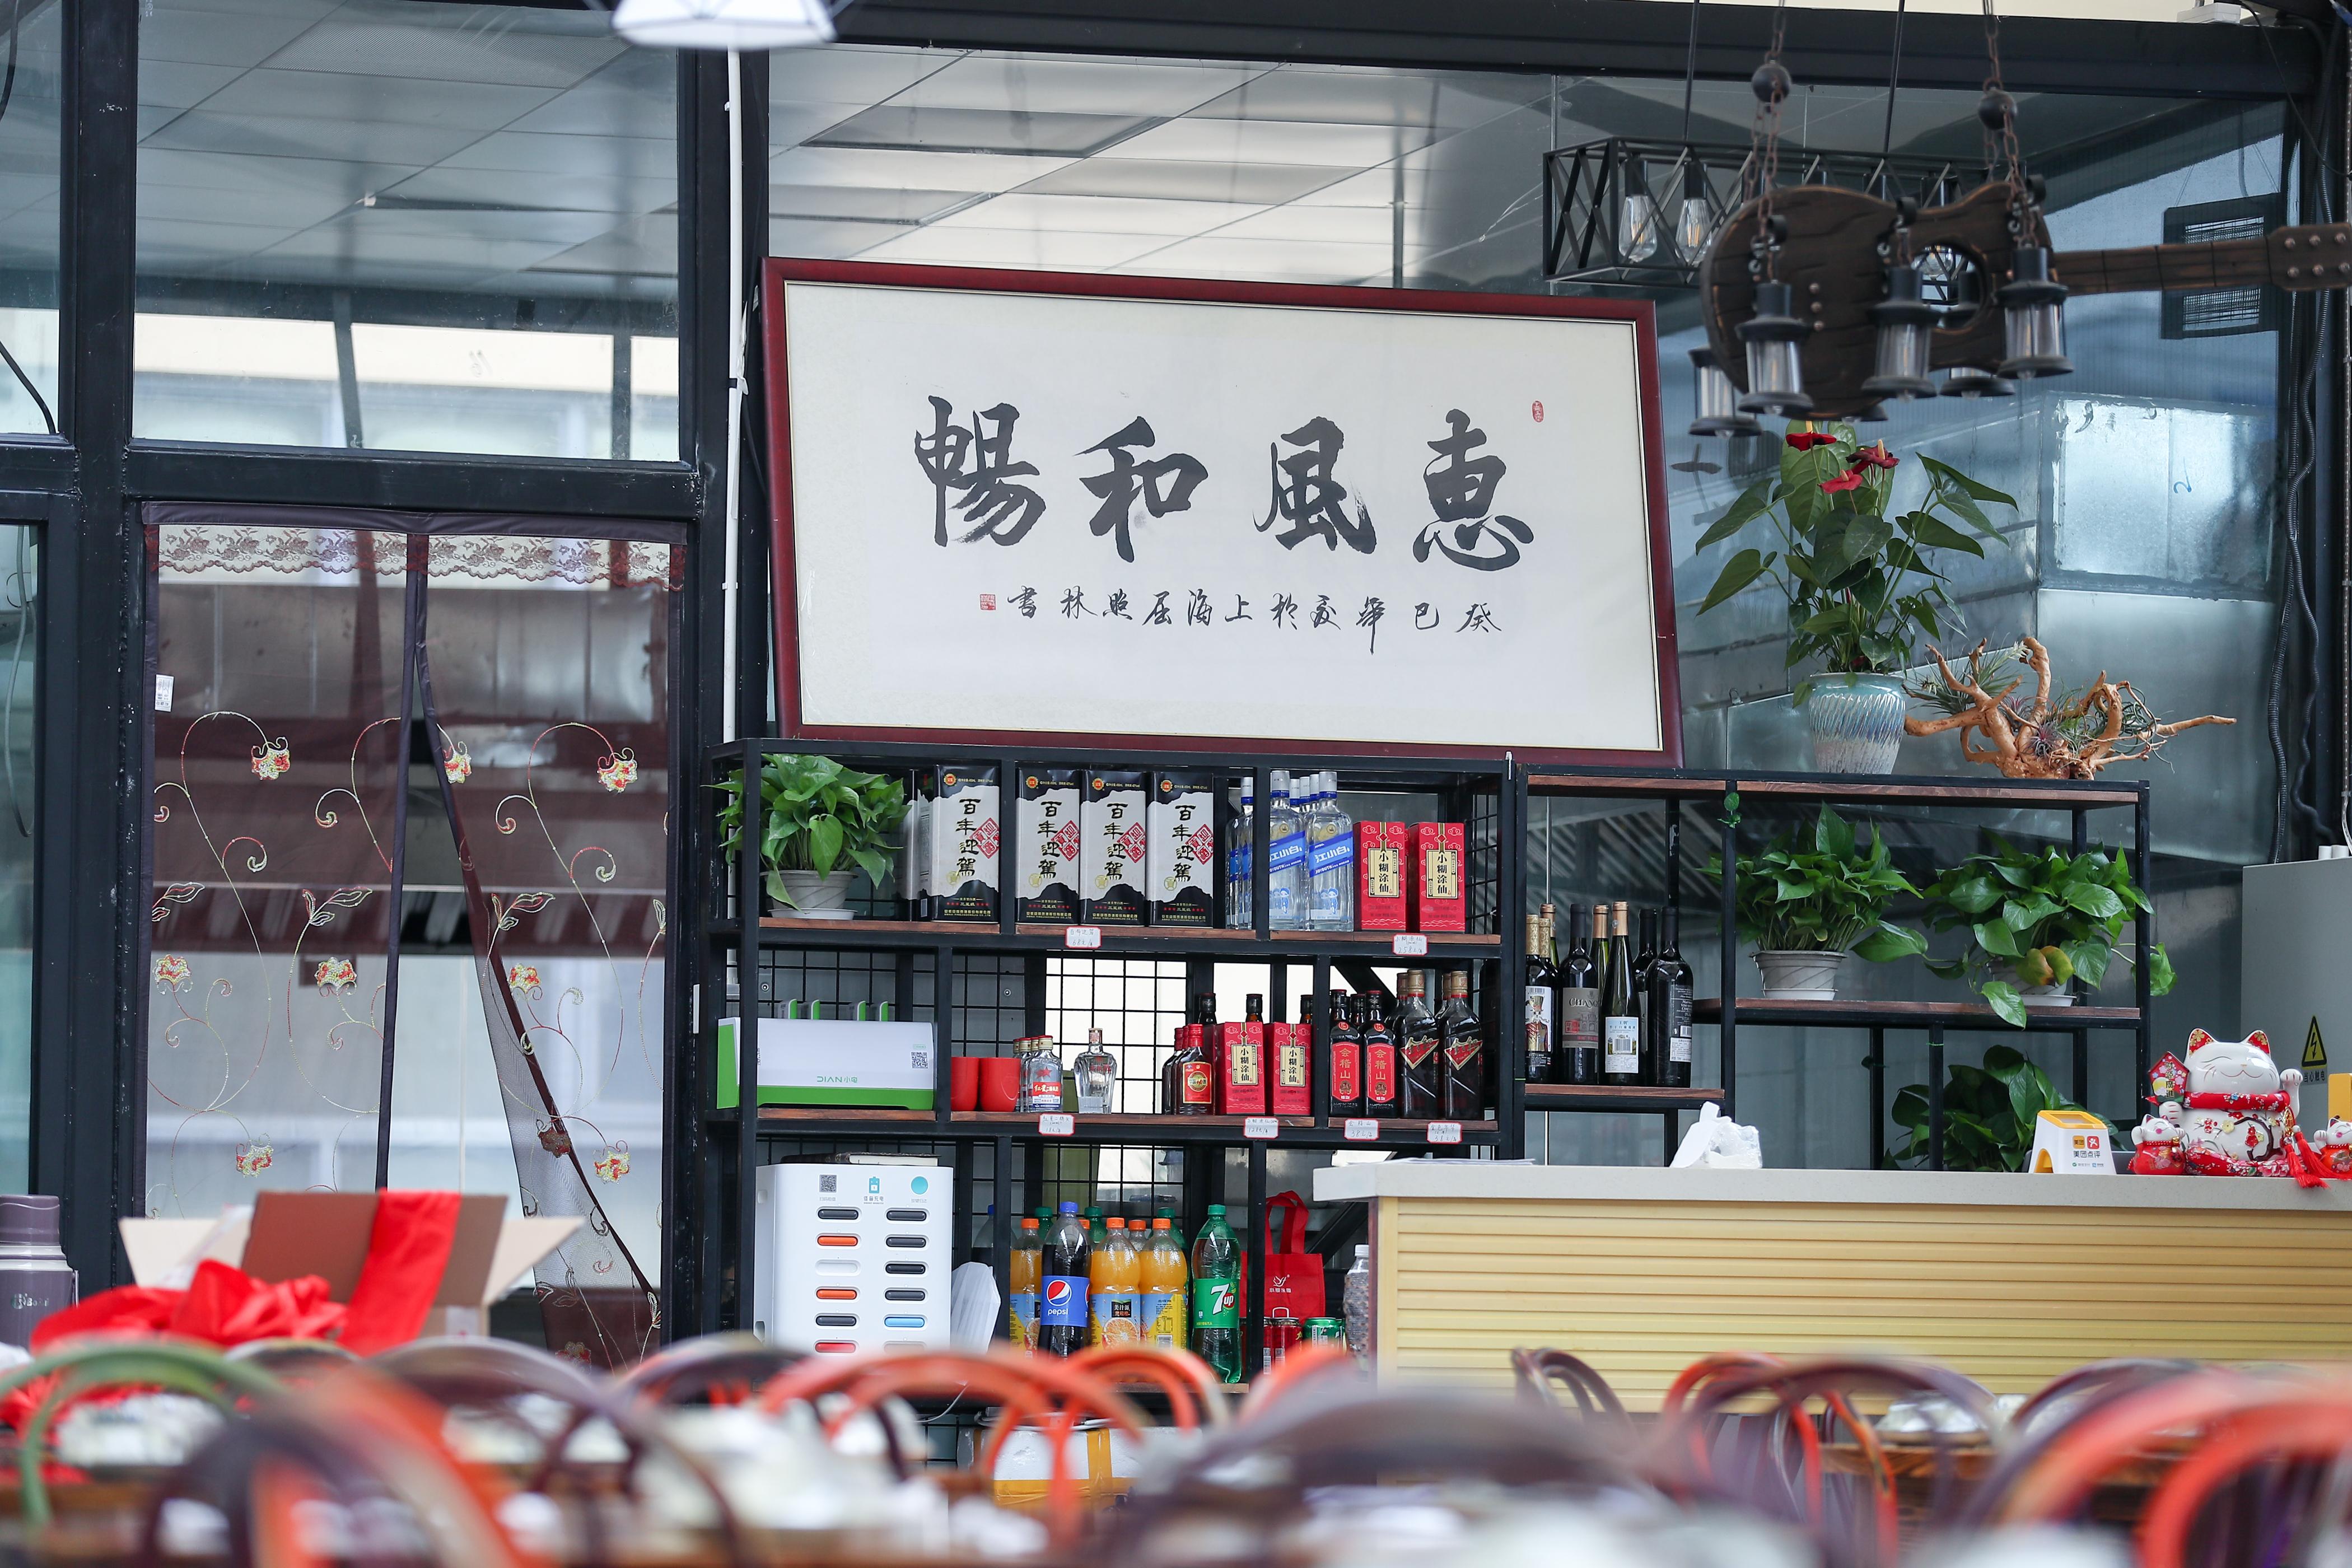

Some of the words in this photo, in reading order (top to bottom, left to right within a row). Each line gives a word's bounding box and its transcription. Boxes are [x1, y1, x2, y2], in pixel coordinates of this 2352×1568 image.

[1269, 864, 1285, 872] OYOUTH
[1314, 846, 1350, 863] 江小白
[1379, 853, 1389, 893] 小糊涂仙
[1437, 854, 1448, 894] 小糊涂仙
[1569, 997, 1599, 1009] CHANG
[1240, 1048, 1249, 1081] 小糊涂仙
[1289, 1049, 1297, 1082] 小糊涂仙
[1340, 1048, 1352, 1079] 会稽山
[1374, 1049, 1387, 1080] 会稽山
[2303, 1071, 2325, 1083] 当心触电
[1047, 1308, 1068, 1316] pepsi

> **Work order**: The result should be all the records, retyped exactly, with no pictures among them.

> **Exercise output**:
Some of the words in this photo, in reading order (top to bottom, left to right within a row). Each line gives a word's bounding box and its transcription. Boxes are [x1, y1, x2, y2], in pixel coordinates of this 2352×1568 image.

[1269, 864, 1285, 872] OYOUTH
[1314, 846, 1350, 863] 江小白
[1379, 853, 1389, 893] 小糊涂仙
[1437, 854, 1448, 894] 小糊涂仙
[1569, 997, 1599, 1009] CHANG
[1240, 1048, 1249, 1081] 小糊涂仙
[1289, 1049, 1297, 1082] 小糊涂仙
[1340, 1048, 1352, 1079] 会稽山
[1374, 1049, 1387, 1080] 会稽山
[2303, 1071, 2325, 1083] 当心触电
[1047, 1308, 1068, 1316] pepsi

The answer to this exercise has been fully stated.